-- REQUIRED WORK --
Output each record verbatim, with pictures left out.

#### EXTRACTED ENTRIES ####

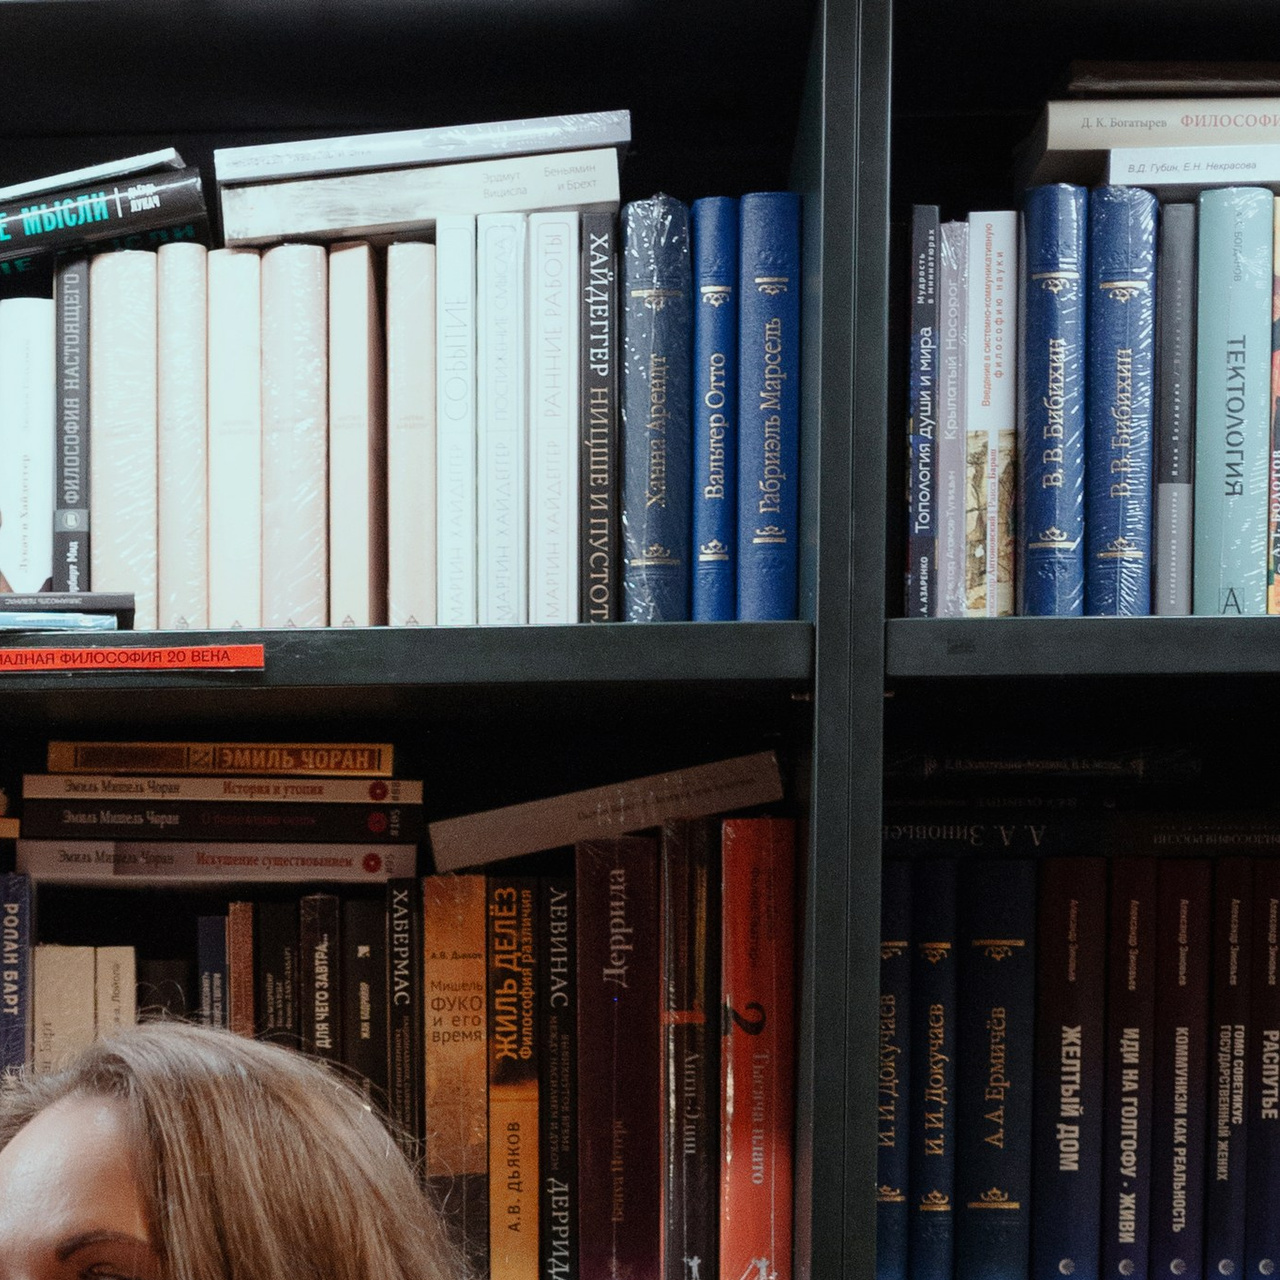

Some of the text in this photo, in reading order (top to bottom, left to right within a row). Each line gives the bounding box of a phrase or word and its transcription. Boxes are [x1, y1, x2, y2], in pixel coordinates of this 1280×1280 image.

[1096, 118, 1106, 128] К.
[1110, 117, 1167, 131] Богатырев
[21, 192, 109, 237] МЫСЛИ
[64, 272, 81, 505] ФИЛОСОФИЯ НАСТОЯЩЕГО
[588, 233, 609, 623] ХАЙДЕГГЕР НИЦШЕ И ПУСТОТ
[646, 354, 668, 508] Ханна Арендт
[704, 353, 726, 500] Вальтер Отто
[759, 318, 787, 513] Габриэль Марсель
[915, 327, 935, 534] Топология души и мира
[1224, 334, 1246, 497] ТЕКТОЛОГИЯ
[60, 651, 162, 664] ФИЛОСОФИЯ
[170, 651, 186, 662] 20
[191, 650, 230, 662] ВЕКА
[220, 747, 370, 770] ЭМИЛЬ ЧОРАН
[2, 903, 19, 1016] РОЛАН БАРТ
[392, 890, 410, 1006] ХАБЕРМАС
[431, 980, 483, 992] Мишель
[431, 996, 482, 1011] ФУКО
[490, 887, 519, 1061] ЖИЛЬ ДЕЛЁЗ
[549, 887, 568, 1008] ЛЕВИНАС
[432, 1031, 482, 1044] время
[433, 1016, 481, 1029] и его
[1261, 1030, 1279, 1120] РАСПУТЬЕ
[1056, 1025, 1084, 1171] ЖЕЛТЫЙ ДОМ
[1172, 1027, 1189, 1233] КОММУНИЗМ КАК РЕАЛЬНОСТЬ
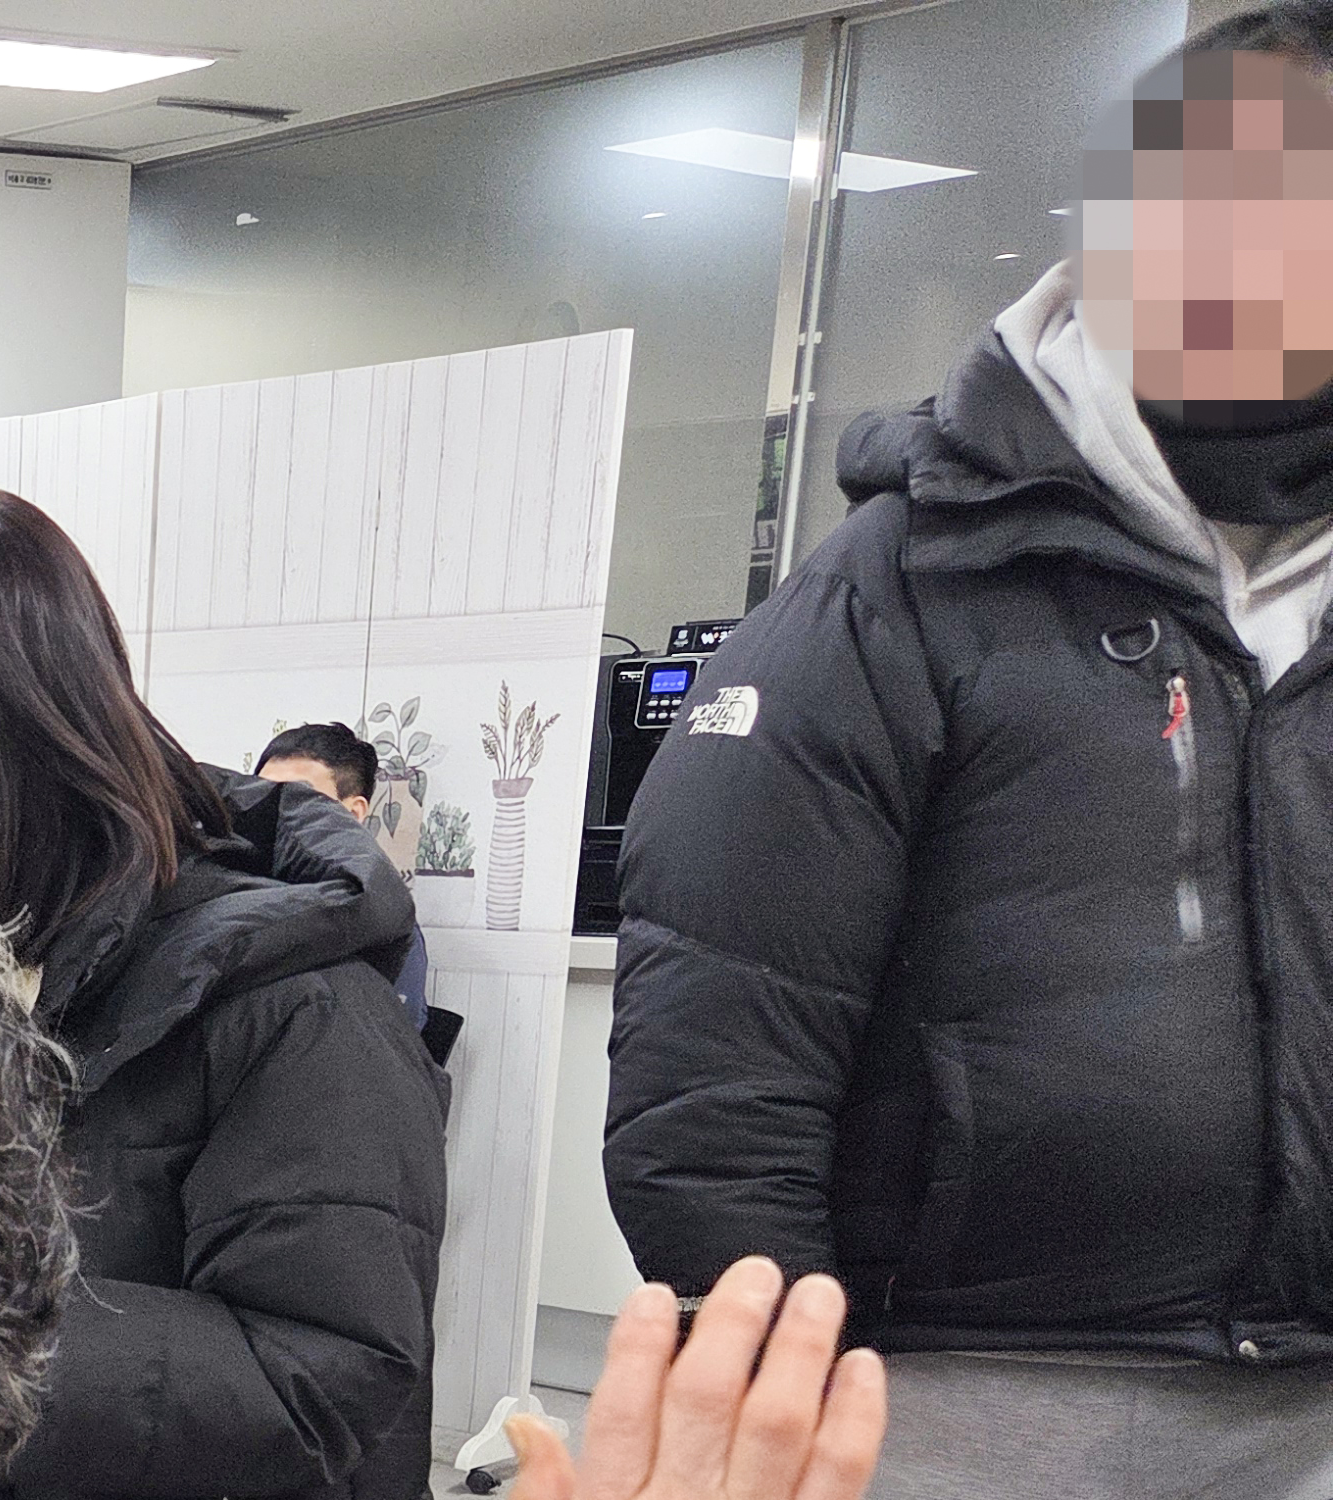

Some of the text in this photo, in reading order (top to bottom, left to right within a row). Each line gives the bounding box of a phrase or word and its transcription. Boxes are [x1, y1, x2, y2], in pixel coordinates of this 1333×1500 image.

[716, 687, 742, 704] THE
[688, 703, 734, 722] NORTH
[688, 718, 730, 735] FACE

####

-- THE COMPLETED TASK --
Some of the text in this photo, in reading order (top to bottom, left to right within a row). Each line gives the bounding box of a phrase or word and its transcription. Boxes are [x1, y1, x2, y2], in pixel coordinates of this 1280×1280 image.

[1096, 118, 1106, 128] К.
[1110, 117, 1167, 131] Богатырев
[21, 192, 109, 237] МЫСЛИ
[64, 272, 81, 505] ФИЛОСОФИЯ НАСТОЯЩЕГО
[588, 233, 609, 623] ХАЙДЕГГЕР НИЦШЕ И ПУСТОТ
[646, 354, 668, 508] Ханна Арендт
[704, 353, 726, 500] Вальтер Отто
[759, 318, 787, 513] Габриэль Марсель
[915, 327, 935, 534] Топология души и мира
[1224, 334, 1246, 497] ТЕКТОЛОГИЯ
[60, 651, 162, 664] ФИЛОСОФИЯ
[170, 651, 186, 662] 20
[191, 650, 230, 662] ВЕКА
[220, 747, 370, 770] ЭМИЛЬ ЧОРАН
[2, 903, 19, 1016] РОЛАН БАРТ
[392, 890, 410, 1006] ХАБЕРМАС
[431, 980, 483, 992] Мишель
[431, 996, 482, 1011] ФУКО
[490, 887, 519, 1061] ЖИЛЬ ДЕЛЁЗ
[549, 887, 568, 1008] ЛЕВИНАС
[432, 1031, 482, 1044] время
[433, 1016, 481, 1029] и его
[1261, 1030, 1279, 1120] РАСПУТЬЕ
[1056, 1025, 1084, 1171] ЖЕЛТЫЙ ДОМ
[1172, 1027, 1189, 1233] КОММУНИЗМ КАК РЕАЛЬНОСТЬ

Some of the text in this photo, in reading order (top to bottom, left to right within a row). Each line gives the bounding box of a phrase or word and its transcription. Boxes are [x1, y1, x2, y2], in pixel coordinates of this 1333×1500 image.

[716, 687, 742, 704] THE
[688, 703, 734, 722] NORTH
[688, 718, 730, 735] FACE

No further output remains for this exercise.